In a similar manner last summer, Putin faced a swell of resistance in Khabarovsk, a city near the Chinese border in Russia’s far east with a population of about half a million. A popular local governor ran afoul of the Kremlin after defeating a candidate aligned with Putin’s United Russia Party. The governor was arrested on what most believe were trumped-up charges that he was involved in murders many years ago. But thousands ended up taking to the streets over several months, as demonstrations that began in support of a local public official bled into generalized anti-government protests expressing discontent with Putin – a template dangerous for the central government.
The Kremlin under Putin has cracked down on protests, outlawing even the most benign forms of political demonstration, yet it continues to face popular resistance that at times has seemed on the verge of combusting. Last year, the country was roiled by protests surrounding long-time dissident leader Alexei Navalny, who has worked diligently to sway public opinion by exposing corruption around Putin’s wealth and his retaliation against political opponents and activists.

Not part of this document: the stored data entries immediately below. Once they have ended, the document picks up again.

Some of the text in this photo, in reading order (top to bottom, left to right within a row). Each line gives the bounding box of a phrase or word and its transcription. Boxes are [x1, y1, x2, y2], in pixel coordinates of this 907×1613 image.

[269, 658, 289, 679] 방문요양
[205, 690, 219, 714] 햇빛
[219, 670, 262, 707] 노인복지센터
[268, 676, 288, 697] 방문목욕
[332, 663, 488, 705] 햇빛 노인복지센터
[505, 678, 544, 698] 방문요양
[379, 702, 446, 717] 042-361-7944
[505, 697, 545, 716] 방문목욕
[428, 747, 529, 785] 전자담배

A Russian court last year sentenced Navalny to a federal penal colony after he was charged with embezzlement and missing check-ins with Russia’s prison service while he was in Germany recovering from a poisoning attack with military-grade nerve agent that he and his supporters attribute directly to Putin’s orders. The Kremlin has repeatedly denied the accusations. Navalny spent weeks in a medically induced coma following the attack in August 2020.
In fact, Putin has shown a tendency to pursue foreign adventures when he feels threatened by domestic politics. Russia invaded northern Georgia in 2008 as it faced an economic recession at home. Amid another financial crisis beginning in 2014, Putin’s government again focused abroad, first in Ukraine and later in Syria. It was a trend that had U.S. military officials on alert last year, as the Navalny protests mounted.
“This adventures abroad is something that we pay close attention to. And obviously with what is unfolding as we speak with respect to the Navalny case, we’re very concerned about that,” Air Force Gen. Tod Wolters, chief of U.S. European Command and NATO’s supreme allied commander Europe, told reporters a year ago in February 2021.
The Navalny protests throughout last year drew thousands, if not tens of thousands, to cities across Russia, where they were often met with force by police determined to disband them. And while that round subsided, Putin’s Ukraine war instead of distracting domestic critics is putting people back on the streets again – where any large gathering stands to create the momentum that could destabilize Russia and its heavy-handed government in much the same way as the Russian leader has sought to destabilize the West and its democratic systems.
“I think it’s safe to say if there’s a long, drawn-out, costly – both in terms of blood and treasure – war that he starts in Ukraine, he will feel the heat economically and politically, even in an authoritarian country like Russia,” Bowman says.